Le crocodile trompeur / Didon et Enée

Molière du meilleur spectacle musical 2014, Le crocodile trompeur poursuit sa route et fait halte quelques jours au TNP (Villeurbanne). C’est jubilatoire et poétique, du théâtre, du mime, de la musique baroque, mais pas seulement, et peut-être pas d’abord qui devient ou provient du Jazz voire de la musique répétitive. La performance des acteurs est bluffante.

Comment un amour, une passion amoureuse peut-elle ne pas être une vie de bonheur et de jouissance ? Cela ne tient pas debout. C’est pourtant ce que raconte le Didon et Enée de Purcell (1659-1995). Incohérence pour incohérence, loufoque et surréaliste, allons-y pour creuser ce que le sérieux tragique ou le tragique pris au sérieux empêche de voir et d’entendre.

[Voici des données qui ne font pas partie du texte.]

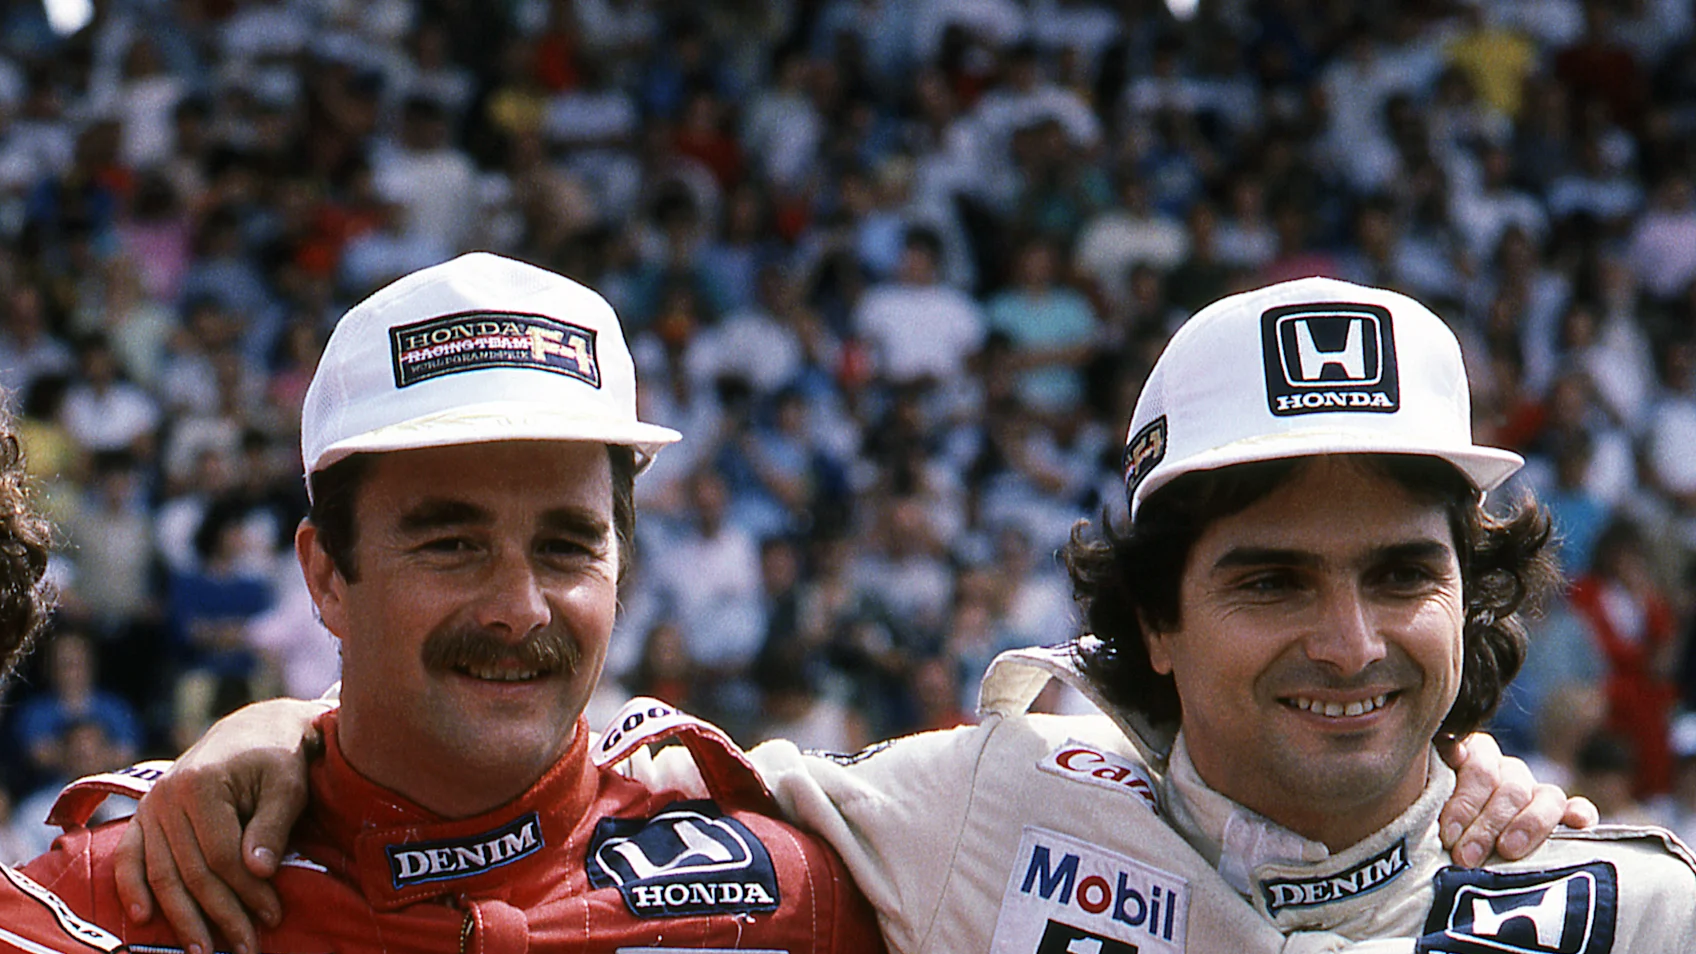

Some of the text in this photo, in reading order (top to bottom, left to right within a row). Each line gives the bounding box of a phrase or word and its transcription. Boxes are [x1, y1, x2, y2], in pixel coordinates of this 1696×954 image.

Le spectacle s’ouvre par un discours sur l’harmonie des sphères. Le ton est donné. Depuis l’Antiquité jusqu’au 17ème siècle, il dit la cohérence, le monde où tout prend sens, au point de faire oublier que cela ne marche. Tout est quiproquo. Comment se comprendre quand on s’appelle What ?
– « What is your name ? »
– « Wath » que l’interlocuteur bien sûr comprend comme une question « Wath ? »
Impossible d’en sortir. Vole en éclat la rationalité du monde.

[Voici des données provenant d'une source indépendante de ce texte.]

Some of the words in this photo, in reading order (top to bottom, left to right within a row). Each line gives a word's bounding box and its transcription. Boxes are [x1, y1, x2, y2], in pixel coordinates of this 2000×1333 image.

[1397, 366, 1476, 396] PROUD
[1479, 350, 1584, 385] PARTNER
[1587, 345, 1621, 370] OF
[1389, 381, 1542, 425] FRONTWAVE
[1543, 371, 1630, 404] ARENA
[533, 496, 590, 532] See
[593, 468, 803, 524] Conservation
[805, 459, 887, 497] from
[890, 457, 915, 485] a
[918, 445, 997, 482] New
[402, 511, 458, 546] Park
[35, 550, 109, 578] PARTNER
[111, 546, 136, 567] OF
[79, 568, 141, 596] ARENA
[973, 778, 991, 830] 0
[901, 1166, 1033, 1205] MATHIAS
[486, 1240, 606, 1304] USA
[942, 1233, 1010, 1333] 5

De même, est-ce drame ou comédie, Enée dit rester mais part alors que Didon lui intime l’ordre de partir jusqu’à en mourrir. Que croire ? Que penser ? Où est l’harmonie des sphères, l’harmonie du macrocosme qui n’est autre que celle de la vie de chacun, microcosme ?

Hypocrisie du discours du divin, et de celui de l’harmonie ? Le livret de Purcell le dit :
« Ainsi sur les rives fatales du Nil pleure le crocodile trompeur.
Ainsi les hypocrites, coupables de meurtre, en rendent le ciel et les dieux responsables. »

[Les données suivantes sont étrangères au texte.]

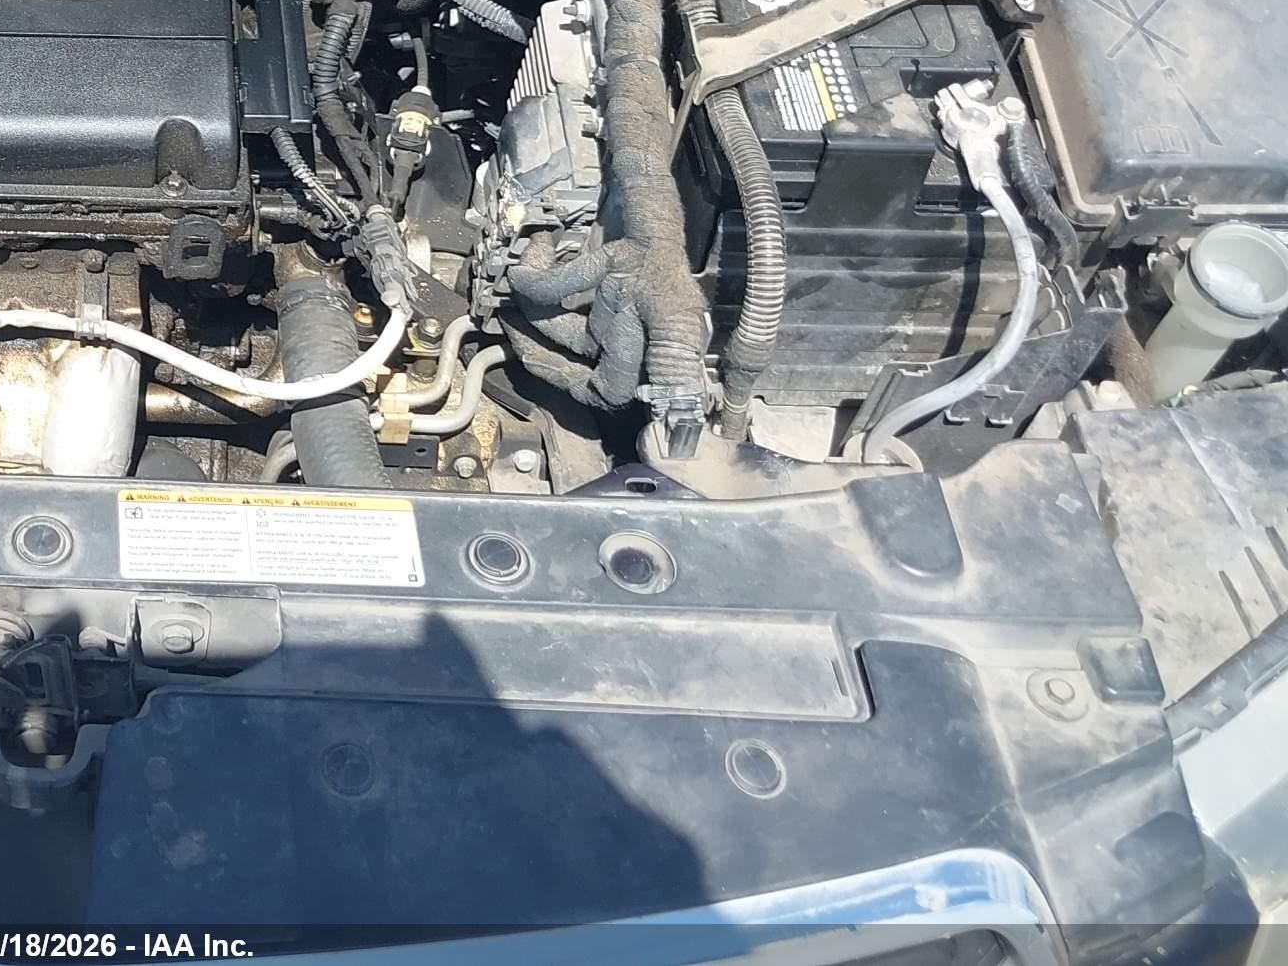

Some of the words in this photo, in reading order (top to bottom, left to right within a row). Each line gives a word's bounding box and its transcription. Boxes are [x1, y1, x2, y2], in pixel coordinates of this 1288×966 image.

Peut-être, quelques longueurs dont on s’étonne qu’elles n’aient pas été coupées depuis que le spectacle est donné. On finit, non pas dans l’hypocrisie des larmes de crocodile, mais complètement désorienté, il n’y a plus de nord. La compagnie La vie brève où tous sont autant acteurs que musiciens, metteurs en scène, concepteurs du spectacle, etc nous donne le tournis. Superbe musique de la fin de l’opéra et burlesque de tout ce que l’on a vu et entendu ; ça ne tourne pas rond, mais c’est pourtant si beau, émouvant et drôle.